## What you have to do
Go to the line containing "this 1600×1200 image." in the listing below. Output that line and each later one exactly.

--------------------------------------------------

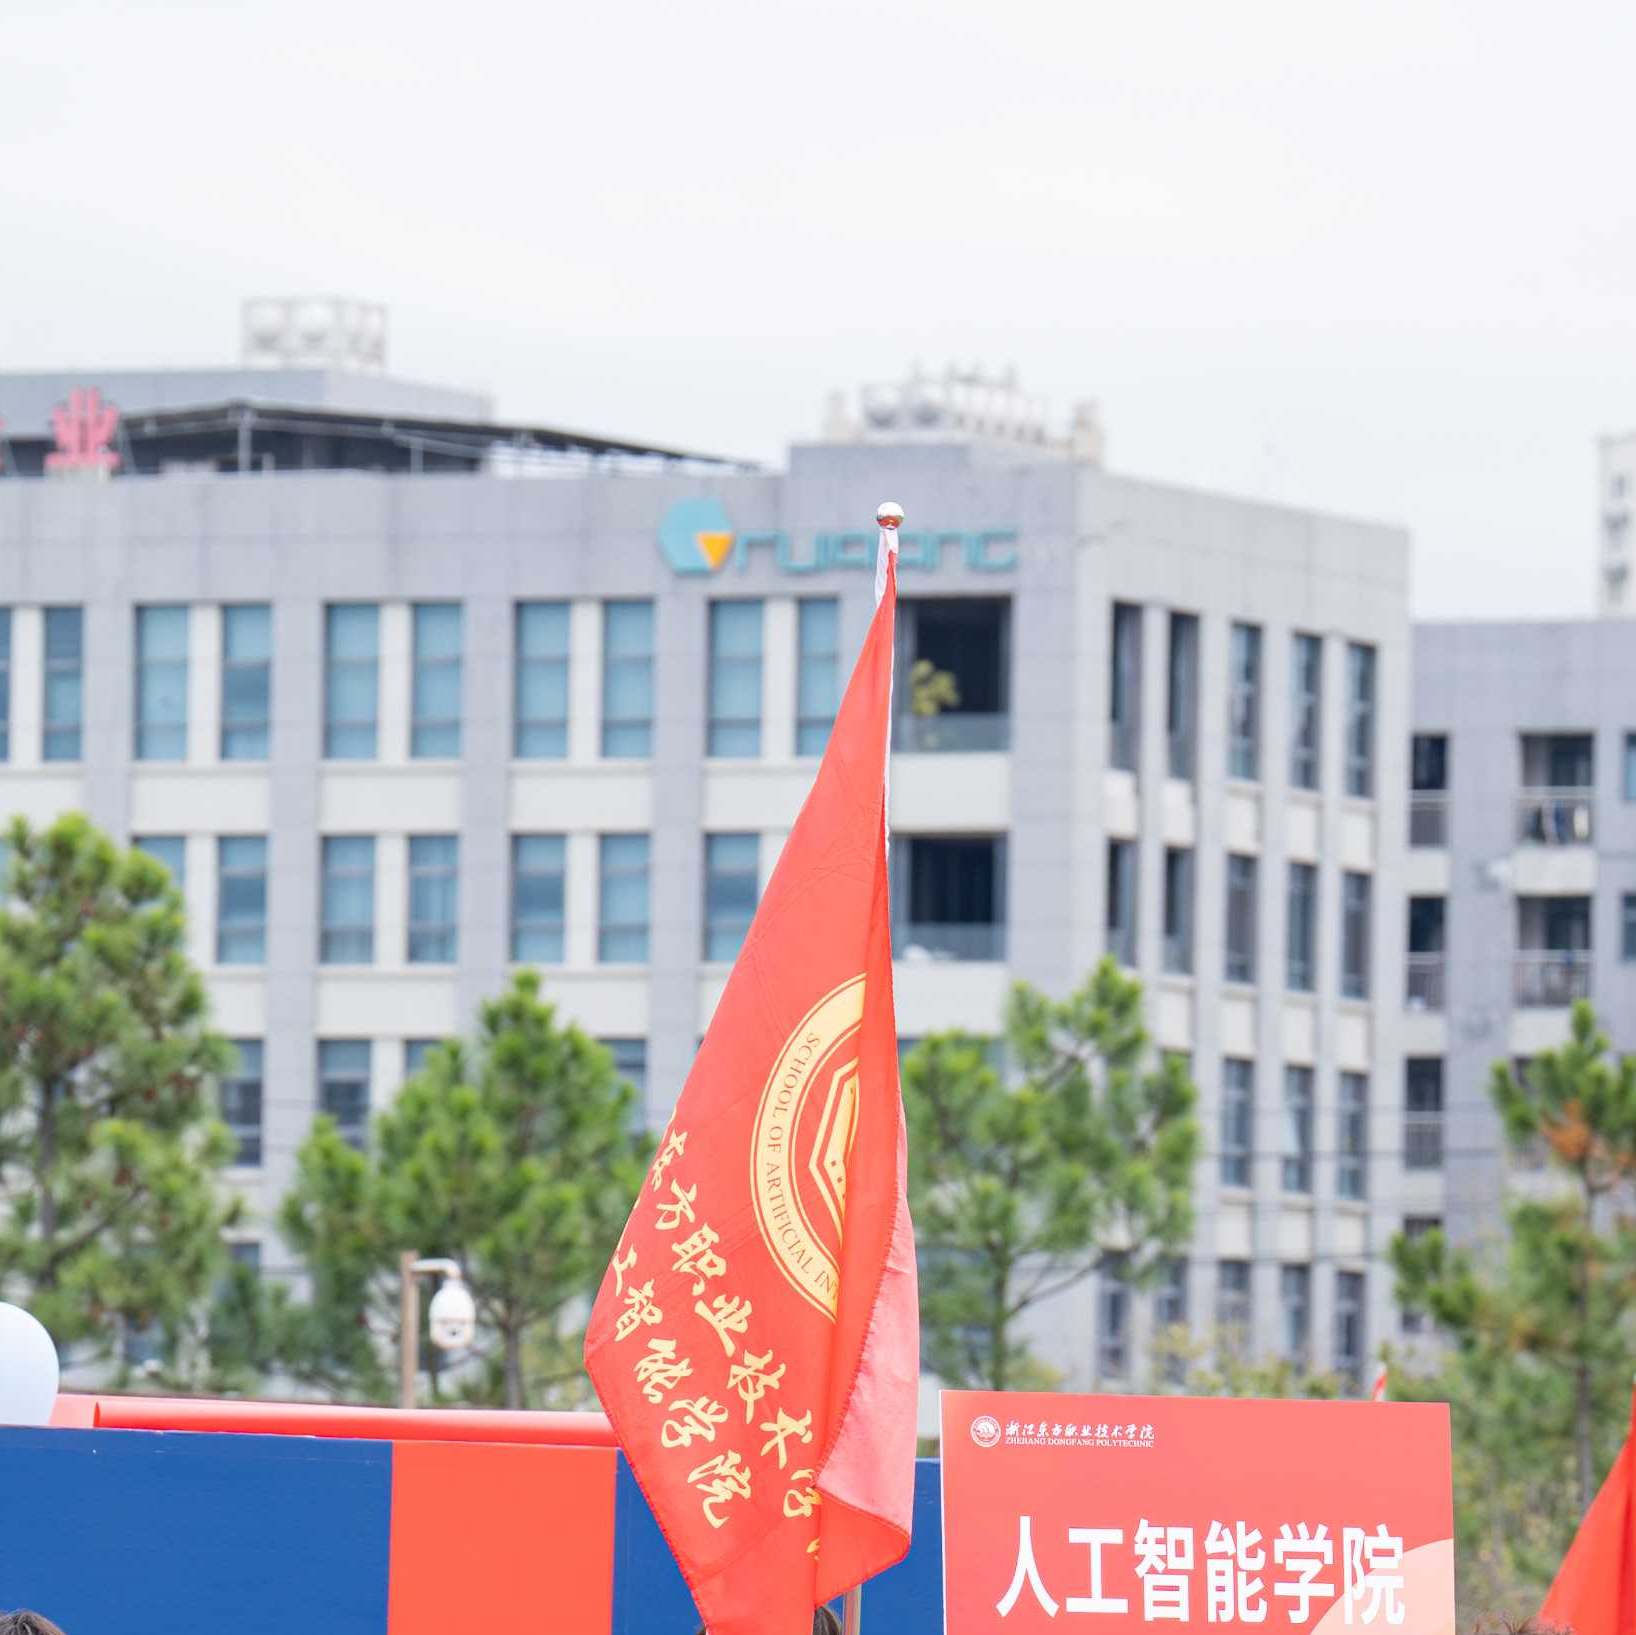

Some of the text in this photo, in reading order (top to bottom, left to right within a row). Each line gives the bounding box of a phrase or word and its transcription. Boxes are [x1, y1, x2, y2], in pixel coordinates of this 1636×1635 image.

[771, 1031, 821, 1119] SCHOOL
[767, 1125, 783, 1154] OF
[765, 1161, 811, 1275] ARTIFICIAL
[1004, 1421, 1155, 1440] 浙江东方职业技术学院
[1004, 1437, 1155, 1449] ZHEJIANG DONGFANG POLYTECHNIC
[995, 1515, 1406, 1626] 人工智能学院
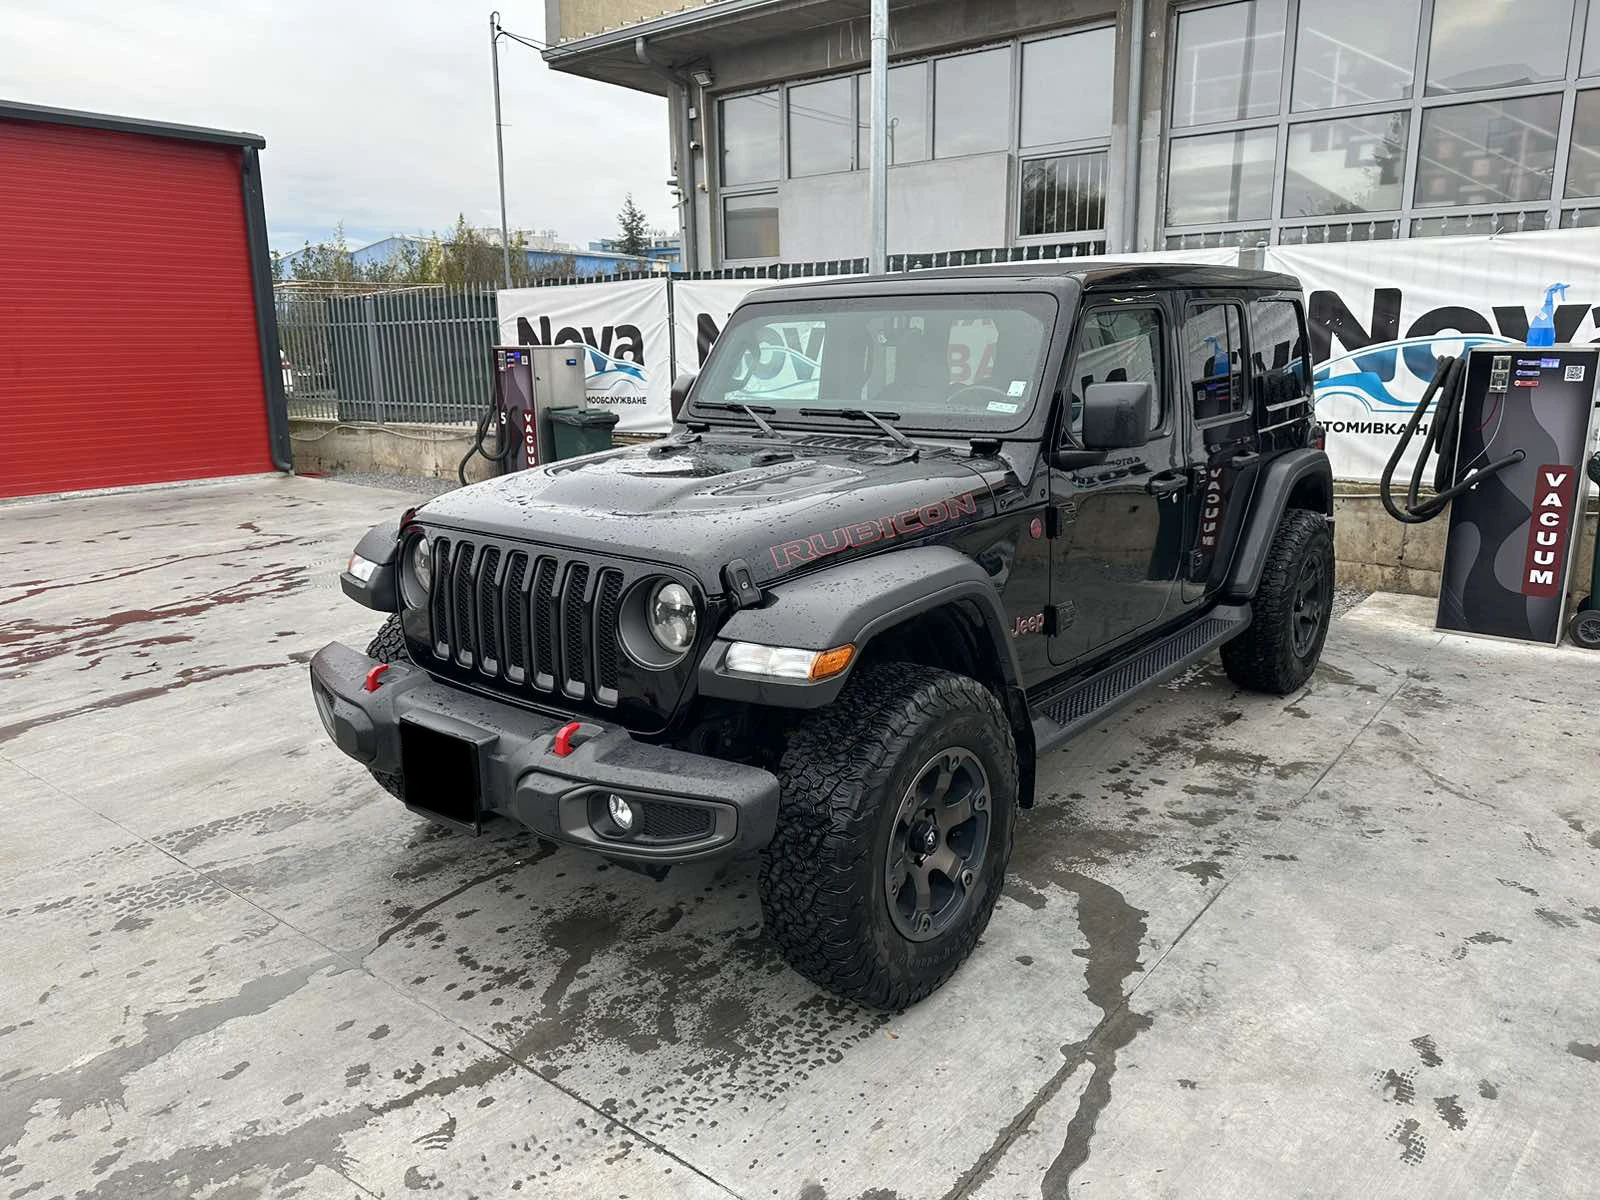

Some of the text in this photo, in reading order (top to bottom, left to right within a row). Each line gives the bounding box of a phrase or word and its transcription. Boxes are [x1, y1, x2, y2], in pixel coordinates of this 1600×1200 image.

[1316, 420, 1408, 435] ТОМИВКА
[769, 492, 977, 569] RUBICON
[1528, 472, 1567, 585] VACUUM
[1010, 612, 1045, 638] Jeep

--------------------------------------------------

## Task answer
Some of the text in this photo, in reading order (top to bottom, left to right within a row). Each line gives the bounding box of a phrase or word and its transcription. Boxes are [x1, y1, x2, y2], in pixel coordinates of this 1600×1200 image.

[1316, 420, 1408, 435] ТОМИВКА
[769, 492, 977, 569] RUBICON
[1528, 472, 1567, 585] VACUUM
[1010, 612, 1045, 638] Jeep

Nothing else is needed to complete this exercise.